A slightly modified version of this script was used in the actual phone call so that I wouldn’t sound so robotic. After introducing myself, we went through the questions. I found it rather difficult to type proper notes while I was holding the phone, but I modified them after the conversation to make them more readable.
- Common mistake is that people think Gilles de la Tourette had Tourettes, but he didn’t. it was named for him because he was first to identify it. He then Published an article called Malady des tiques. He is remembered because of name of the syndrome, not much else.
- Probably wasn’t only person. There would have been others around that could take his place.
- The impact that Gilles de la Tourette made was in identifying the condition and making it known, he started discussion about Tourette syndrome when nobody knew about it.

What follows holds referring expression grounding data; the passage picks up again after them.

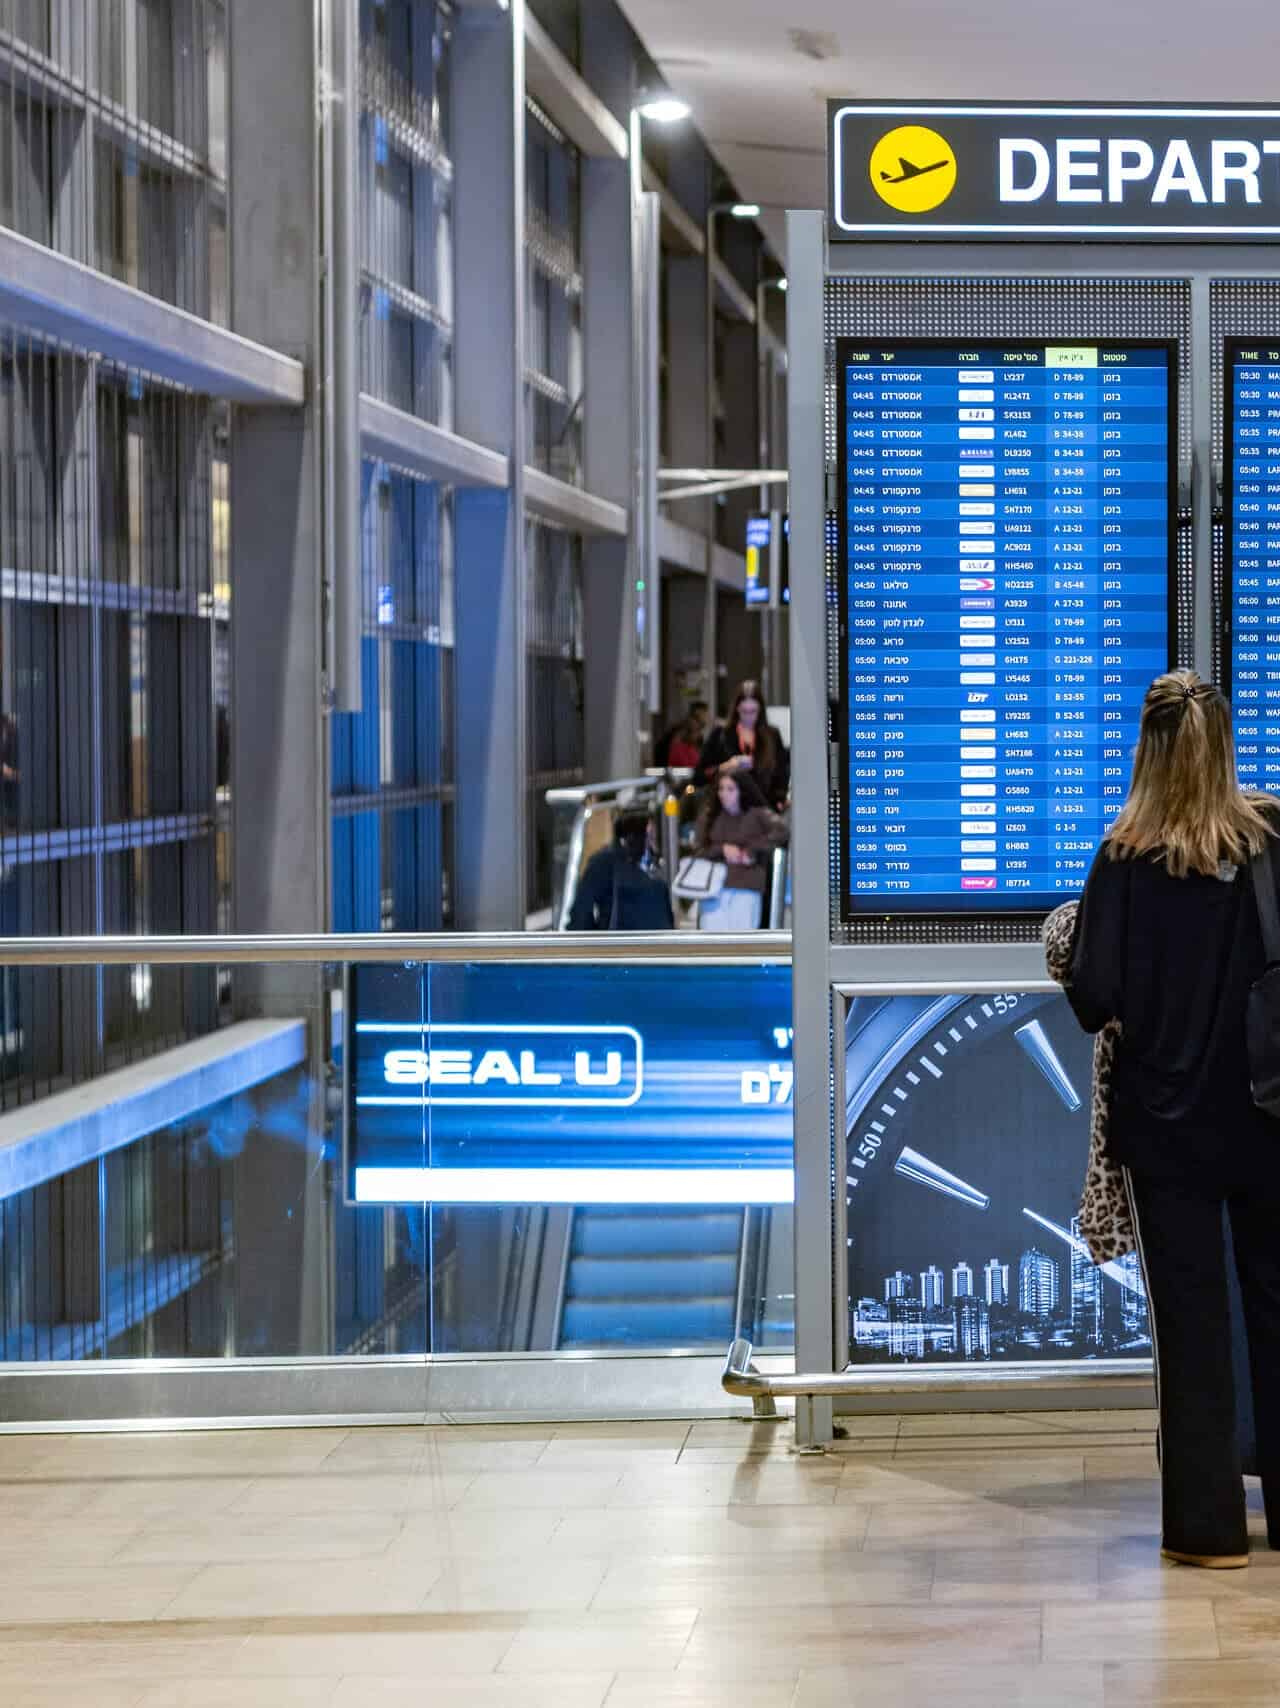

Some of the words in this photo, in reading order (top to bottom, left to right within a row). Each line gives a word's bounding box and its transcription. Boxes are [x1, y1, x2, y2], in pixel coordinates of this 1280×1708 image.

[1240, 351, 1259, 360] TIME
[1268, 351, 1280, 360] TO
[383, 1049, 562, 1085] SEAL
[574, 1050, 622, 1086] U
[858, 1132, 883, 1160] 50

Probably to this day people still read about him when learning about the condition.
- There’s the misconception that It’s controllable. Tics making noise/move can be complex so they look voluntary behaviour but people can’t tell. Things like swearing gets too much attention.
- Tourettes syndrome can be isolating. People can feel misunderstood. May feel there’s something wrong with them. People with Tourettes syndrome have been found to have faster reflexes and can be more compassionate with others who have disabilities or unfortunate events like tripping. Still depends on person and symptoms.

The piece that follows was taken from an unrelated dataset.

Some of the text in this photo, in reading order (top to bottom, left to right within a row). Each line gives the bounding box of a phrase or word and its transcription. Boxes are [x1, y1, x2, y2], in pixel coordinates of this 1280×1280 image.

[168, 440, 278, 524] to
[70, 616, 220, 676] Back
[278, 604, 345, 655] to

- Depends, doesn’t have to be but people may need accommodation. Example in a school setting somebody with Tourettes syndrome may need to write things on a computer instead of writing it by hand.

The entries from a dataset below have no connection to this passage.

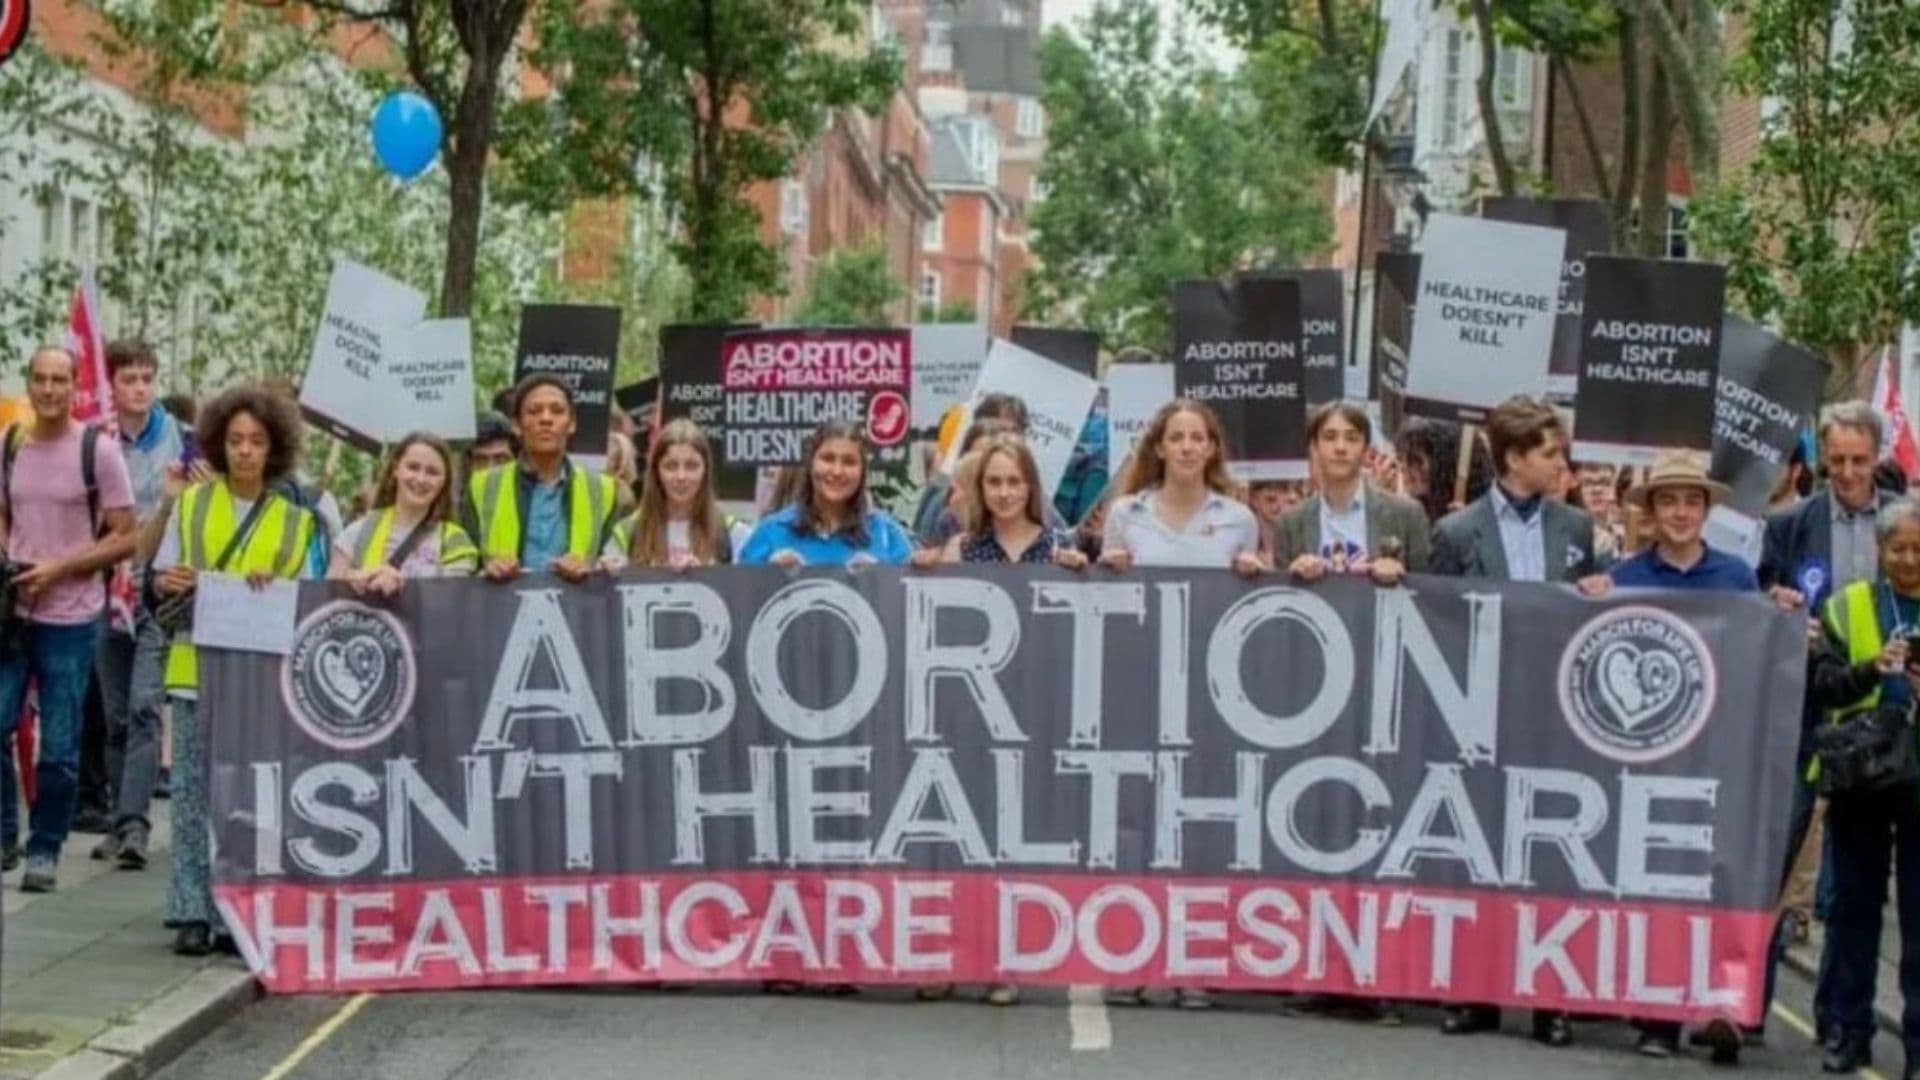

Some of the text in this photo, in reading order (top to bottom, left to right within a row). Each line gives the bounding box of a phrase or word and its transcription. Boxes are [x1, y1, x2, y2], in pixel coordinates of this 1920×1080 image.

[1425, 280, 1550, 313] HEALTHCARE
[1441, 303, 1528, 330] DOESN'T
[1459, 326, 1504, 348] KILL
[1592, 320, 1712, 347] ABORTION
[522, 353, 609, 371] ABORTION
[729, 341, 901, 368] ABORTION
[1185, 341, 1296, 361] ABORTION
[1621, 343, 1678, 365] ISN'T
[388, 359, 466, 374] HEALTHCARE
[726, 367, 904, 387] ISN'T HEALTHCARE
[1215, 363, 1268, 382] ISN'T
[1587, 362, 1710, 388] HEALTHCARE
[415, 389, 443, 401] KILL
[670, 384, 723, 401] ABORT
[1184, 382, 1299, 400] HEALTHCARE
[726, 391, 866, 423] HEALTHCARE
[473, 578, 1503, 766] ABORTION
[250, 741, 1721, 900] ISN'T HEALTHCARE
[253, 878, 1746, 1009] HEALTHCARE DOESN'T KILL

- Lot of research into treatments. Research into genetics of tourettes. Scientists trying to find out what causes it. It is one of the most misunderstood conditions,it needs more attention to what is instead of the negative aspects of it.
These answers were followed by a quick thank you and a goodbye, and my interview was complete. Following up on this, I sent her a thank you e-mail later in the day which read:
I found this interview to be quite easy after introducing myself, but absolutely terrifying when leading up to the call. I have no issue at all with public speaking, but phone conversations are a different story. Talking 1 on 1 with a total stranger that you can’t actually see is something I find to be very stress inducing, especially if I need to put any effort into sounding professional.
I think that in the end I received some valuable information, mostly on the society side of tourettes syndrome. I learned things like the impact of tourettes on people lives, and how it is currently being researched in modern society. Because Ashley works with many people who have tourettes syndrome instead of just one, she gets different perspectives on it which she could then give to me, therefore I got a society angle on the subject. I, on the other hand, am just one person with the opinions on tourettes of only one person, therefore I cannot know all the information that she could. Most of the information that she gave me was very new, and didn’t relate to what I had already found, since my research was more on the factual side and not a society point of view. However, the information she gave me on Gilles de la Tourette matched what I already had. After this, I don’t think I need to know any more information, as I have already done extensive research. I can now proceed into writing my speech right away. The information that she gave me will not be used in my speech very much, but it will be a large part to my learning center since one of my goals from before was to make people more aware of tourettes syndrome, and how it’s not necessarily a negative thing. Her answers were very valuable to my project, and I think that I contacted exactly the right person.